*** Opening Records to process ***
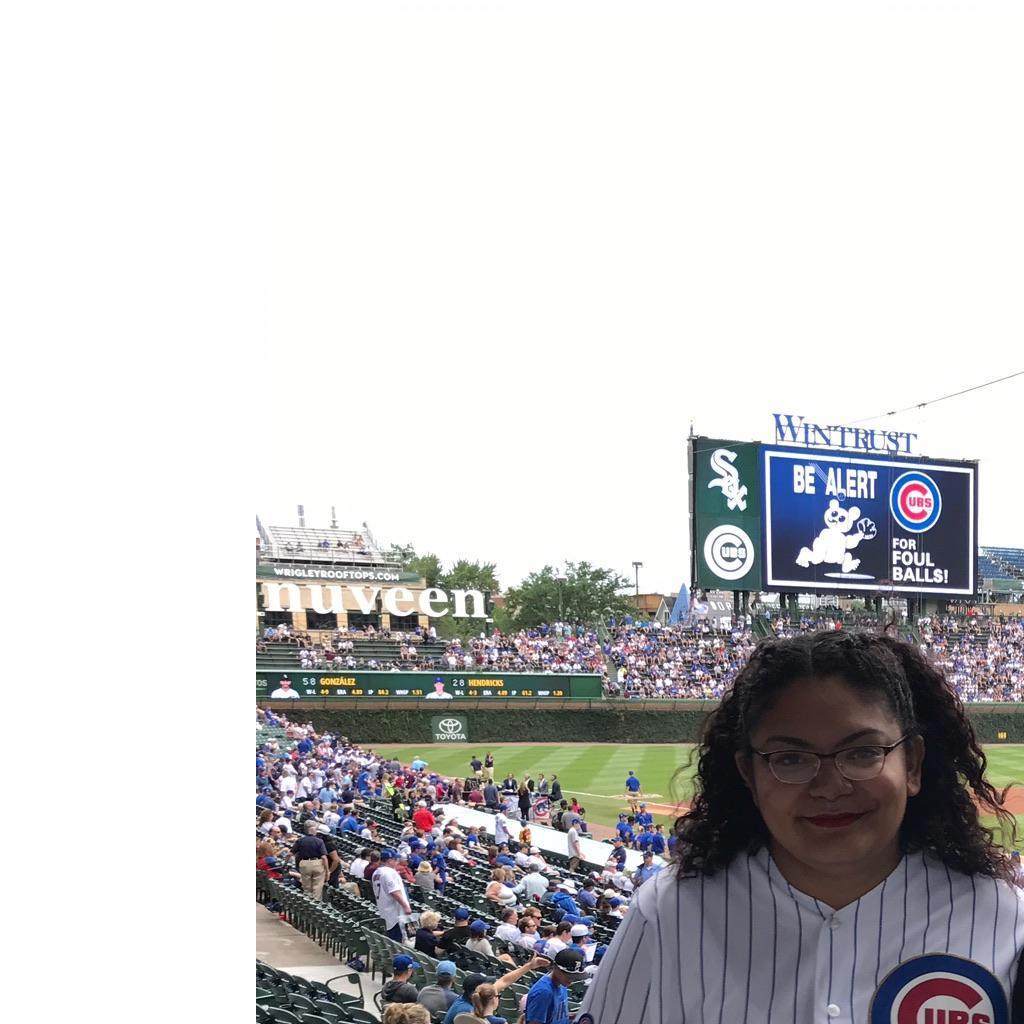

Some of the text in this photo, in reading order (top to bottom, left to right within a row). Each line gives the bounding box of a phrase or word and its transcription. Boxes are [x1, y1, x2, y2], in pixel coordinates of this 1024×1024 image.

[772, 413, 917, 453] WINTRUST
[793, 464, 878, 499] BE ALERT
[892, 538, 916, 550] FOR
[892, 551, 935, 567] FOUL
[274, 567, 400, 581] WRIGLEYROOFTOPS.COM
[892, 566, 949, 584] BALLS!
[260, 583, 488, 618] nuveen
[256, 679, 267, 687] OS
[468, 679, 504, 687] HENDRICKS
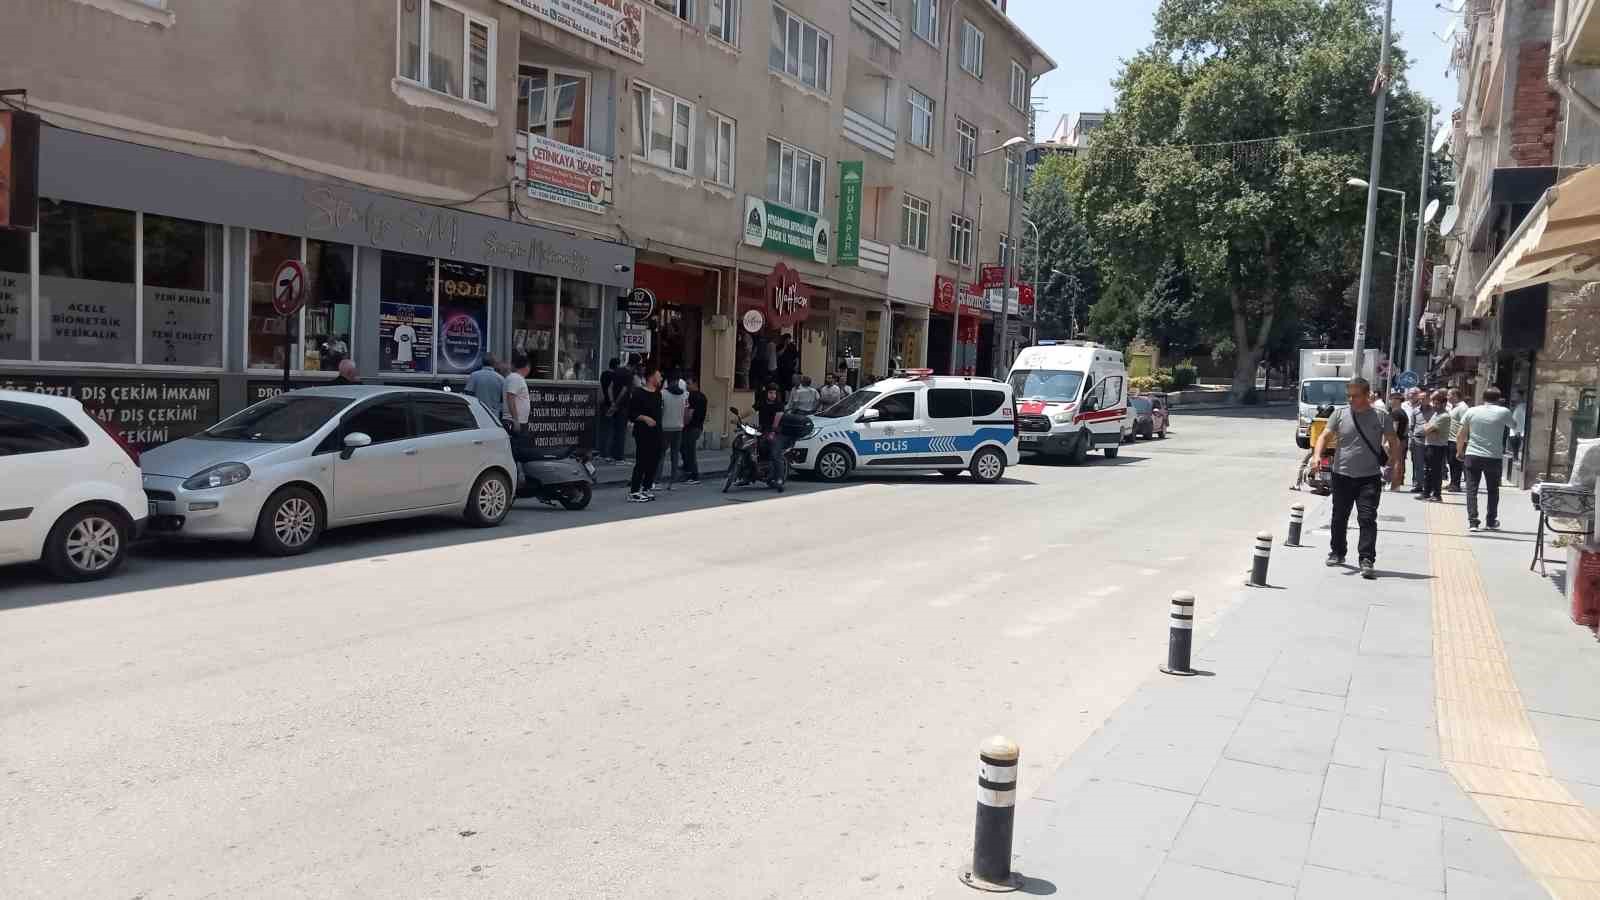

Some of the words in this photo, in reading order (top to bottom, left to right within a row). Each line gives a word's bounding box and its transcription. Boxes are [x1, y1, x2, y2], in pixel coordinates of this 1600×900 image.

[68, 303, 108, 313] ACELE
[110, 383, 158, 405] ÇEKİM
[162, 383, 211, 401] İMKANI
[147, 405, 198, 424] ÇEKİMİ
[874, 440, 908, 452] POLİS
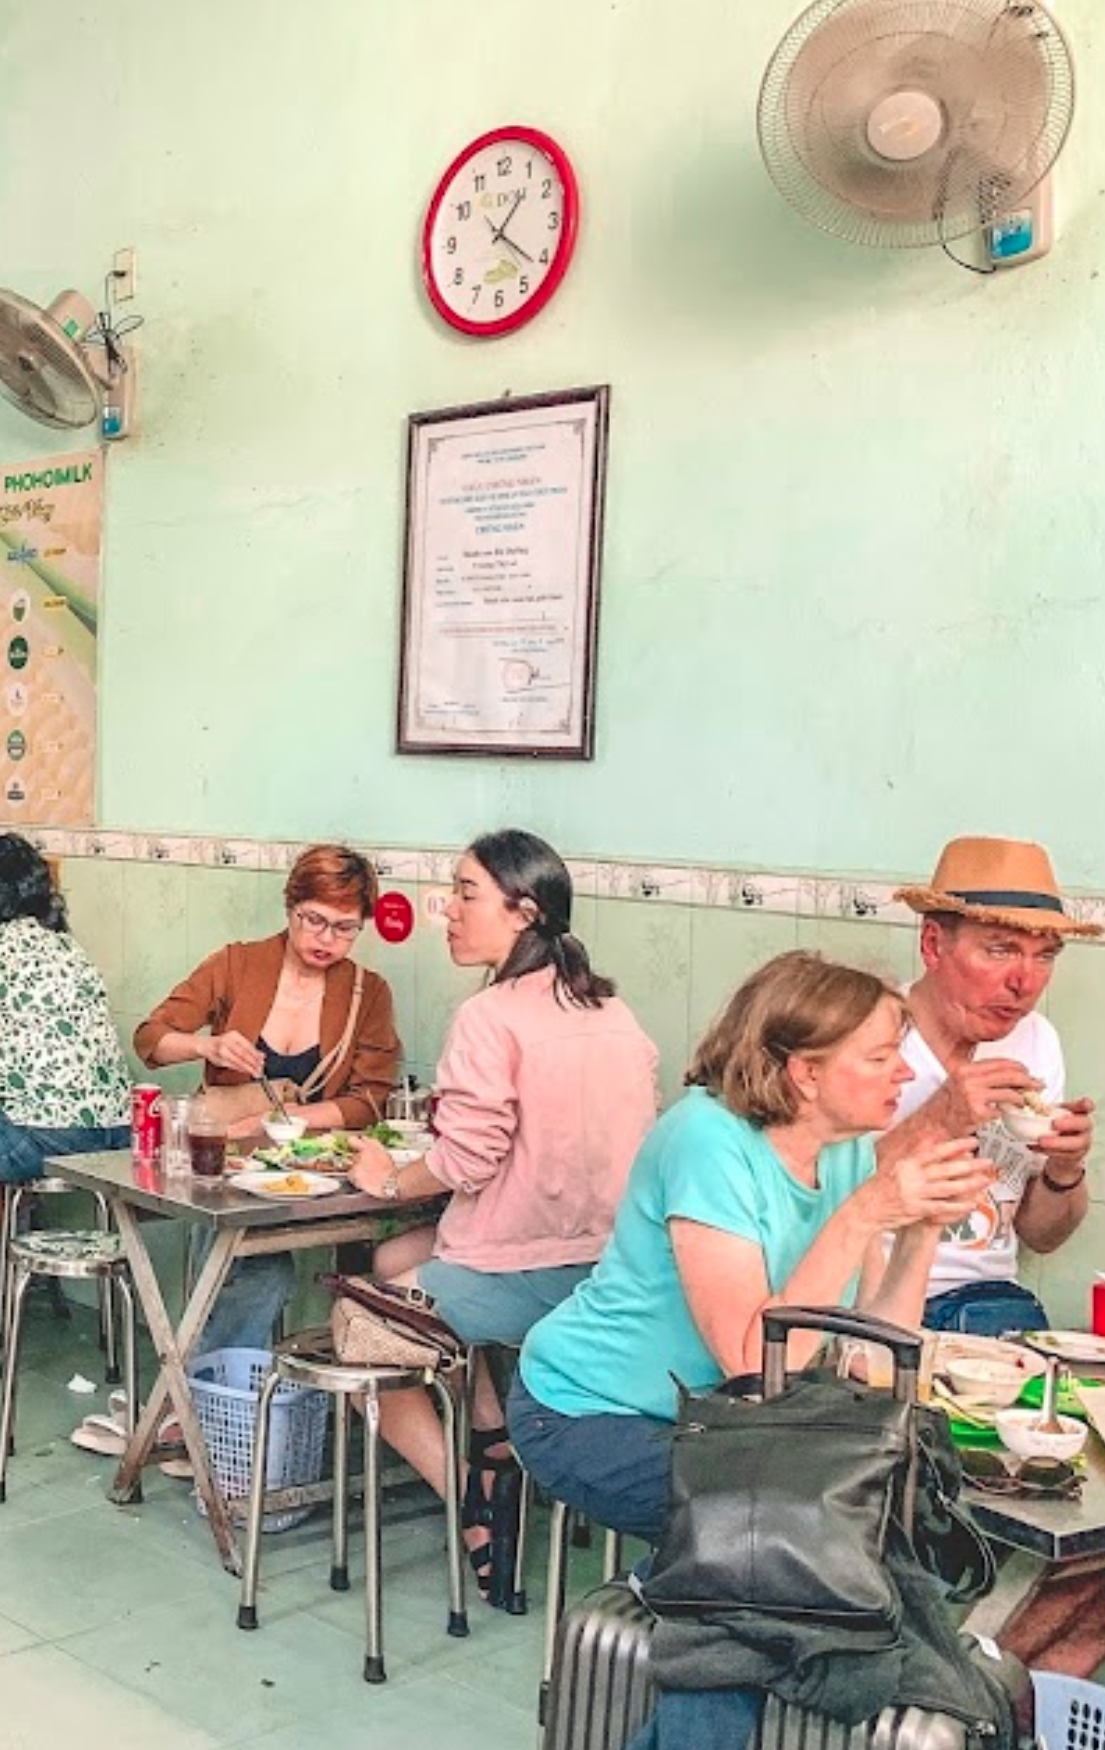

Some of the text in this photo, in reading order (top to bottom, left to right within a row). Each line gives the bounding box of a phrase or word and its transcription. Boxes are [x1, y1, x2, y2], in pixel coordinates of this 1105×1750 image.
*** Closing Records to process ***
* Problem requirements *
Print the full listing above again with exact wording and no images.

* Result below *
Some of the text in this photo, in reading order (top to bottom, left to right within a row). Each line gives the bounding box of a phrase or word and its transcription. Boxes are [x1, y1, x2, y2], in pixel coordinates of this 1024×1024 image.

[772, 413, 917, 453] WINTRUST
[793, 464, 878, 499] BE ALERT
[892, 538, 916, 550] FOR
[892, 551, 935, 567] FOUL
[274, 567, 400, 581] WRIGLEYROOFTOPS.COM
[892, 566, 949, 584] BALLS!
[260, 583, 488, 618] nuveen
[256, 679, 267, 687] OS
[468, 679, 504, 687] HENDRICKS

Some of the words in this photo, in reading order (top to bottom, left to right within a row). Each line gives a word's bounding box and its transcription. Boxes are [x1, y1, x2, y2], in pixel coordinates of this 1600×900 image.

[68, 303, 108, 313] ACELE
[110, 383, 158, 405] ÇEKİM
[162, 383, 211, 401] İMKANI
[147, 405, 198, 424] ÇEKİMİ
[874, 440, 908, 452] POLİS

Some of the text in this photo, in reading order (top to bottom, left to right within a row). Each line gives the bounding box of a phrase or word and its transcription. Boxes are [x1, y1, x2, y2], in pixel coordinates of this 1105×1750 image.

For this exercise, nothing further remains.